Anderson is President of Northern California at Pankow, where he has worked for the last 23 years in several capacities. An ACI Fellow, he serves on a number of ACI committees, including: 117: Tolerances, 362: Parking Structures, and the ACI Foundation Scholarship Council. Anderson’s contributions to the concrete industry are exemplified by his involvement in projects like the San Francisco’s Public Safety Building, the San Francisco Police Department Police Command Center, the Southern District Police Station, a neighborhood San Francisco Fire Department Fire Station, the rehabilitation of the San Francisco War Memorial Veterans Building, and the Sutter Health Van Ness Medical Office Building and Parking Structure.

He received his BS in Civil Engineering and Mathematics from the University of Maryland and his MS in Structural Engineering from Stanford University. Anderson is also a member of the San Francisco Partnering Steering Committee, Urban Land Institute, and the Lean Construction Institute.

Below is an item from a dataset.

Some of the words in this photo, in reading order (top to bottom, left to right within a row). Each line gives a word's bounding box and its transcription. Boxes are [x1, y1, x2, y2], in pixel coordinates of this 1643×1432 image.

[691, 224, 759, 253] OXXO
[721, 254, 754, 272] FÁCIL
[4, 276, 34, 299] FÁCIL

Radlińska joined the faculty of Penn State University in the Fall of 2012, following four years of teaching and conducting research in the area of cement-based materials at Villanova University.  Prior to joining Villanova, she received her PhD degree in Civil and Environmental Engineering from Purdue University. During the Fall of 2011, she was a guest scientist at the BAM Federal Institute for Materials Research and Testing in Berlin, Germany.

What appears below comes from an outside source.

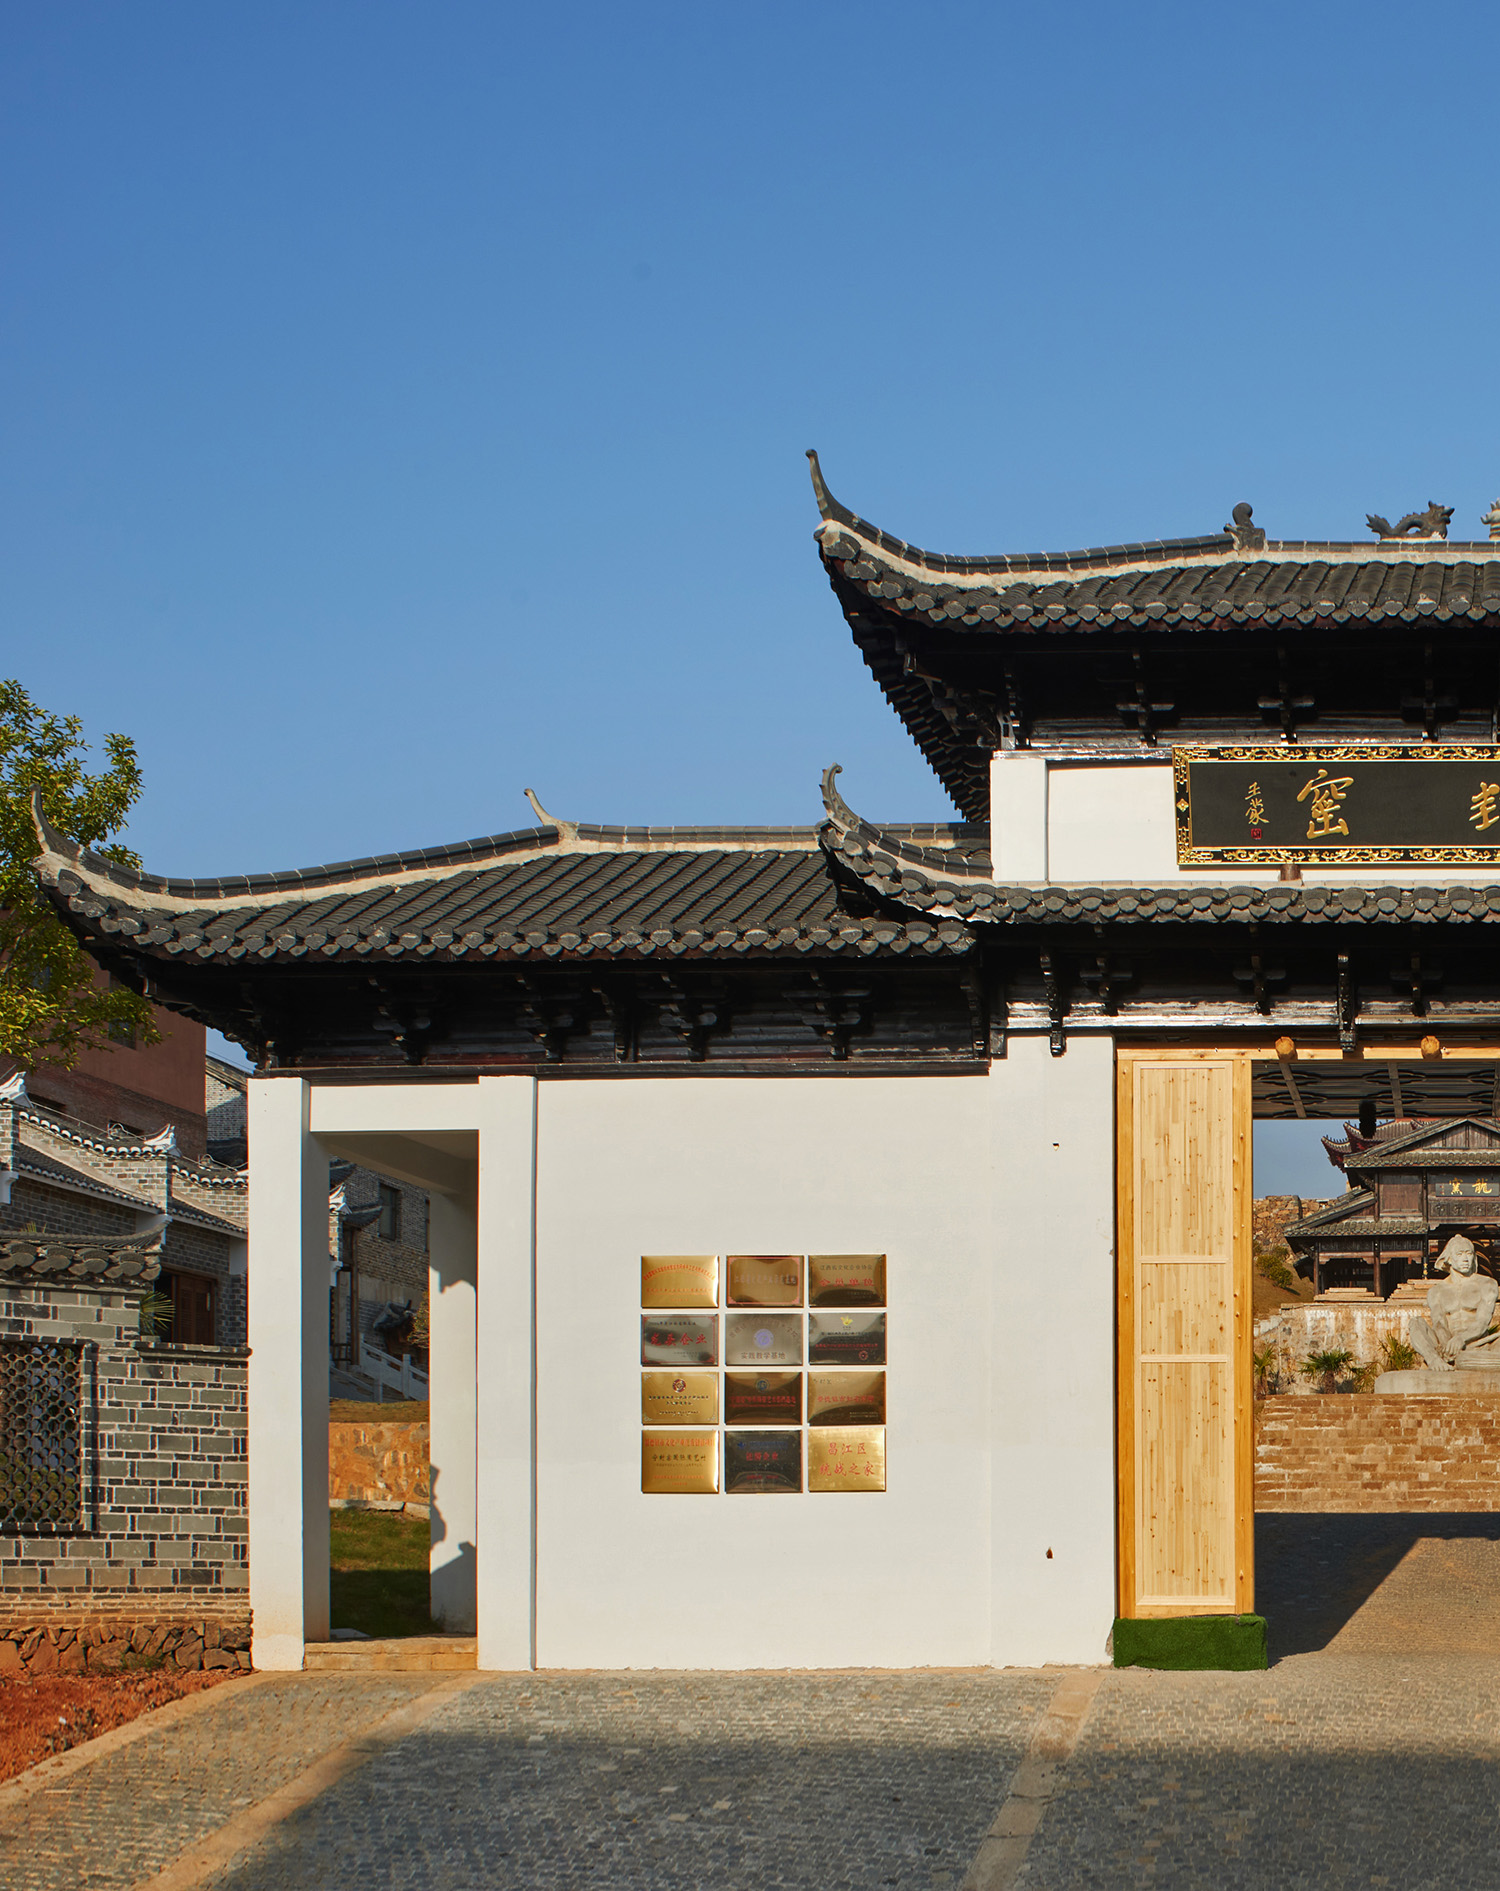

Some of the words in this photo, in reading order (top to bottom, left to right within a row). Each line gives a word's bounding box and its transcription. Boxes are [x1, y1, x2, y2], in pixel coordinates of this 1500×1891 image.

[650, 1332, 707, 1346] 龙头企业
[741, 1352, 786, 1360] 实践教学基地
[828, 1442, 866, 1456] 昌江区
[819, 1461, 875, 1477] 统战之家

Radlińska’s research focuses on developing innovative materials to enhance infrastructure durability and reducing CO2 impact.  To date, she has investigated mechanisms and mitigation of shrinkage and carbonation in alkali-activated concrete, supported by the National Science Foundation (NSF), and prediction and reduction of the probability of early age cracking in concrete, supported by several awards from the Pennsylvania Department of Transportation (PennDOT).  Currently, she is researching cement solidification in the microgravity environment (funded by NASA), pyrrhotite reactivity in concrete (funded by NSF) and 3D printing of concrete (funded by NASA and Autodesk).  The research findings have culminated in 30 journal publications, the majority of which she has authored with her students.  She mentors undergraduate and graduate students and her advisees have received 27 awards and scholarships to date.

Radlinska is the Chair of ACI Committee 123: Research and Current Developments, and Vice-Chair of the Concrete Research Council. Her service to the concrete industry was recognized in 2012 with the ACI Young Member Award for Professional Achievement and in 2018, when she was named as an ACI Fellow.